How Amazon EKS Hybrid Nodes Work
The following diagram illustrates the hybrid network connectivity, node setup, and integration between on-premises environments and AWS:
Amazon EKS Hybrid Nodes enable seamless integration between your on-premises infrastructure and the Amazon EKS control plane. Here’s how it works:
• Hybrid network connectivity using:
• AWS Site-to-Site VPN
• AWS Direct Connect
• Another VPN solution
• A VPC with routing configurations for remote nodes and pods, using a Virtual Private Gateway (VGW) or Transit Gateway (TGW).
• Physical or virtual machines as infrastructure.

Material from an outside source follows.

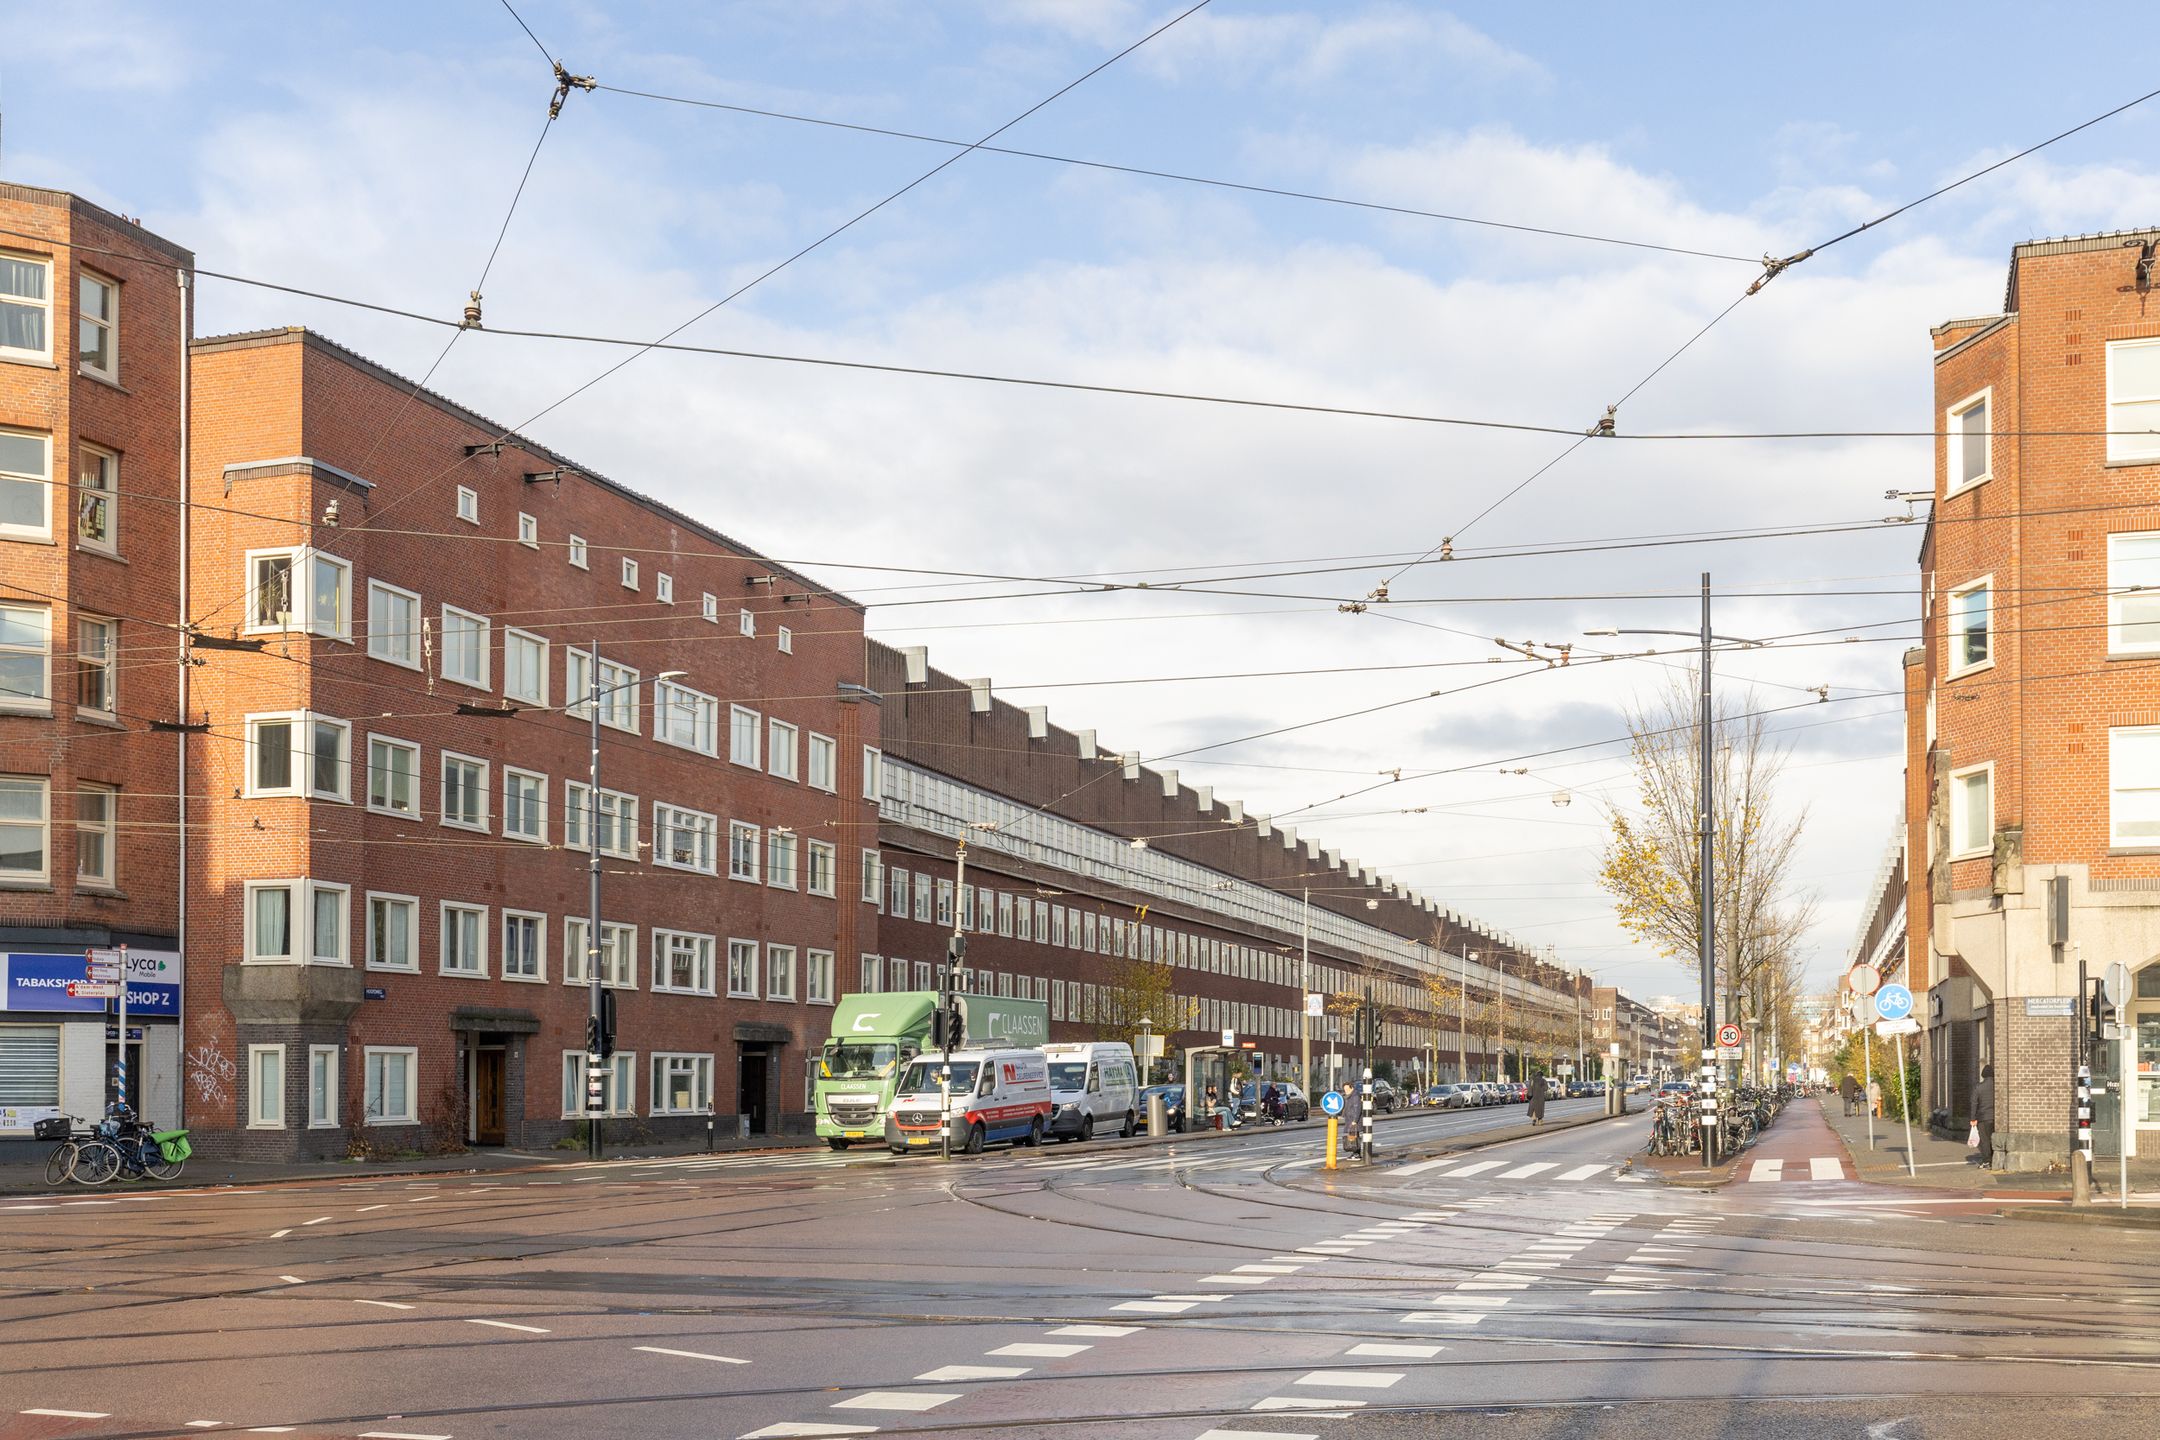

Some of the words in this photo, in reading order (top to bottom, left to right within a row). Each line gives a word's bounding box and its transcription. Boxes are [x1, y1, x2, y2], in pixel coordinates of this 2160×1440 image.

[127, 991, 160, 1005] SHOP
[162, 993, 170, 1006] Z
[1002, 1014, 1043, 1036] CLAASSEN
[1722, 1031, 1737, 1040] 30

• Compatible operating systems, such as:
• Amazon Linux 2023
• Ubuntu (20.04, 22.04, 24.04)
• Red Hat Enterprise Linux (RHEL 8 or 9)
• IAM roles:
• EKS Cluster IAM Role
• EKS Hybrid Nodes IAM Role
• AWS Systems Manager or IAM Roles Anywhere for node authentication.
Setting Up Amazon EKS Hybrid Nodes
1. Prerequisites
Ensure the prerequisites we mentioned above are in place before your on-premises infrastructure can join your EKS cluster as hybrid nodes.
2. Create an EKS Cluster and Enable Hybrid Nodes
1. Navigate to the Amazon EKS Console
Open the Amazon EKS Console and begin creating a new cluster.
2. Specify Networking for Hybrid Nodes
On the Step 2: Specify Networking screen, enable the option Configure remote networks to enable hybrid nodes and specify the Classless Inter-Domain Routing (CIDR) blocks for your on-premises environments.
3. CIDR Configuration Guidelines
• The CIDRs for remote nodes and remote pods must:
Use RFC-1918 IPv4 addresses (private IP ranges).
Not overlap with the VPC CIDR or the EKS cluster Kubernetes service CIDR.
• The remote node CIDR and remote pod CIDR must not overlap.
• Specifying a pod CIDR block is mandatory if:
You run webhooks on your hybrid nodes.
Your CNI plugin doesn’t use NAT for pod addresses as traffic leaves your nodes.
3. Connect Your Hybrid Nodes to the EKS Cluster
With the EKS cluster configured, the next step is to connect your on-premises infrastructure to the cluster as hybrid nodes. Use the Amazon EKS Hybrid Nodes CLI (nodeadm) to automate the installation, configuration, and registration of your hybrid nodes.
Install the required components:
$ nodeadm install 1.31 --credential-provider <ssm, iam-ra>
2. Create a nodeConfig.yaml file:
apiVersion: node.eks.aws/v1alpha1
kind: NodeConfig
metadata:
name: hybrid-node
spec:
cluster:
name: my-cluster
region: us-east-1
hybrid:
ssm:
activationCode: <activation-code>
activationId: <activation-id>
3. Register the hybrid node with the cluster:
$ nodeadm init -c file://nodeConfig.yaml
4. Verify node readiness:
Use the EKS console or the following command to confirm that the node has joined:
kubectl get nodes
Ensure the nodes are in the Ready state after installing the required CNI plugin.
Note: Before the hybrid nodes are marked as Ready, you need to install a compatible CNI plugin. For more information, refer to Install CNI for EKS Hybrid Nodes.
4. Deploy Workloads
Use Kubernetes-native tools such as kubectl and Helm charts to deploy workloads to both cloud-based and hybrid nodes.
5. Monitor and Optimize
Monitor your cluster’s performance using Amazon CloudWatch and other observability tools. Ensure that hybrid nodes are scaling effectively and meeting workload demands.
Conclusion
Amazon EKS Hybrid Nodes open new possibilities for organizations looking to unify their cloud and on-premises resources under a single Kubernetes control plane. By enabling seamless integration of on-premises infrastructure with EKS, this feature offers unparalleled flexibility, scalability, and consistency for modern application deployment.
Whether you’re running edge workloads, ensuring data compliance, or modernizing legacy systems, EKS Hybrid Nodes provide a powerful solution to meet your hybrid cloud needs. Explore this feature today and unlock the full potential of Kubernetes on your terms.